Don Palathara uses the devices of a single continuous take and a fixed camera to make a car a microcosm of the couple’s world: it moves forward while keeping their bodies motionlessly trapped in it.
Santhoshathinte Onnam Rahasyam, On Neestream, Is A Well-Written And Superbly Stylized Argument Between A Couple

Writer & Director: Don Palathara
Cinematographer: Saji Babu
Music: Basil CJ
Cast: Reema Kallingal, Jithin Puthenchery
Language: Malayalam

Spoilers ahead…

Don Palathara's Santhoshathinte Onnam Rahasyam is a one-shot film set during the 2020 pandemic. We exclusively focus on Jithin (Jithin Puthenchery) and Maria (Rima Kallingal) as they take a car ride to a hospital. They live together without their families knowing and Maria is getting a pregnancy test. On the surface, the entire film is about the argument they have about their serious situation: she's not ready and mulling abortion while he feels ready to marry her and face the families. Don Palathara exploits two cinematic devices: a single continuous take and a fixed camera facing the couple in the front seat. They superbly elevate a banal argument into an intricate portrait of conflict in a modern relationship.

The fixed camera brings dialogues into sharp focus — you hook onto sounds if the visuals are static. It also gives you a feeling of being oppressively imprisoned by a single point of view, and that's also what plagues the couple throughout — they can't get out of their own heads while accusing the other of being self-centered. Santhoshathinte Onnam Rahasyam works because its dialogues reflect two real aspects of any difficult argument between couples: the scope of the argument expands into the past (raking up memories in a new context) and Jithin and Maria often also expose their inner thoughts without intending to.

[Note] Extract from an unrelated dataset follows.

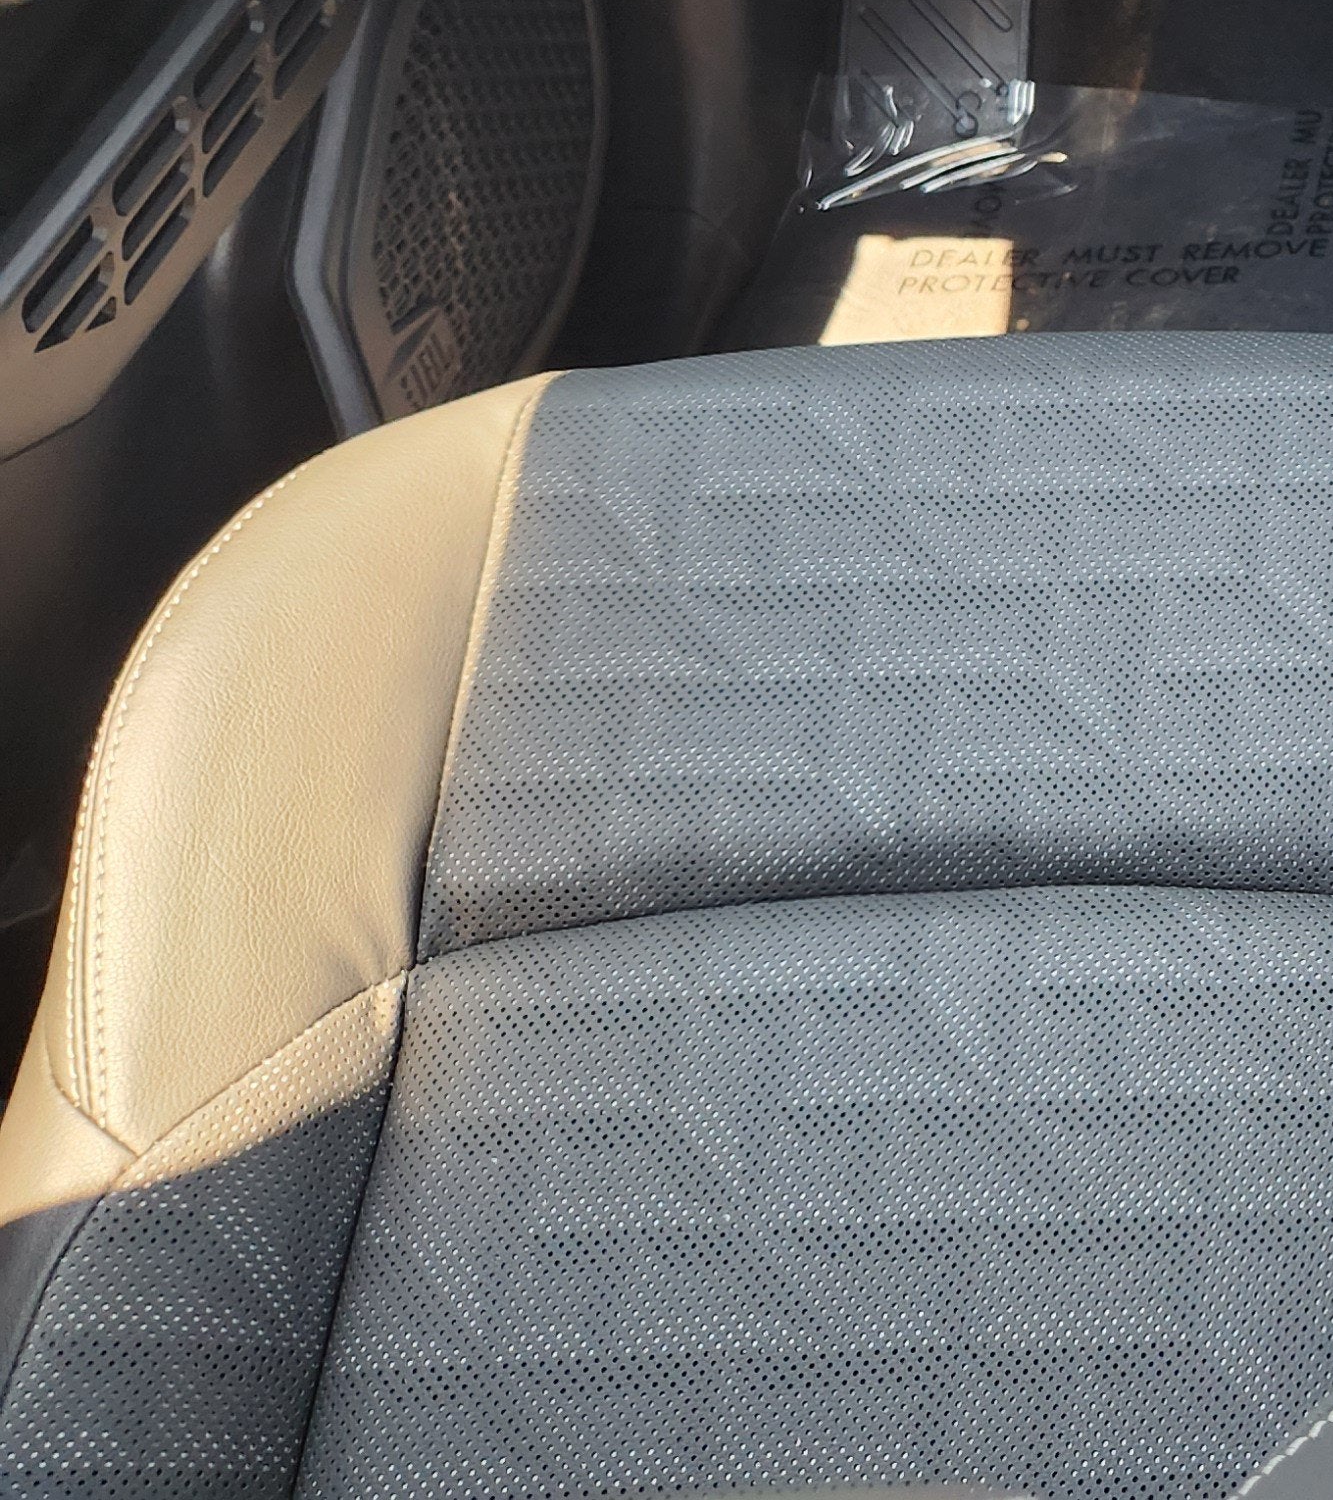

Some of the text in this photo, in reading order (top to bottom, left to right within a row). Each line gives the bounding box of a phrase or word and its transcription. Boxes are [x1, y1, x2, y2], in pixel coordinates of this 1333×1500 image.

It would have been tedious to sit through a bickering for 90 minutes. But in the first part of the film, the dialogues economically and organically reveal the couple's history and how they really see each other. Jithin thinks Maria is just a tabloid journalist and assumes she has lesser integrity than him, an aspiring but luckless actor. She thinks he's irresponsible, avoiding problems under the pretense of staying calm, thanks to her earnings as a journalist with less-than-enough integrity. 

Even though we're stuck in a car with the couple, we travel back with their memories as they rake up events to shore up defence on their side. We're introduced to Jithin and Maria through their criticism of each other. We feel sympathy not because we identify with them, but because we see how unfair they are to each other. Without investing in either of them specifically, we're invested in their conflict. 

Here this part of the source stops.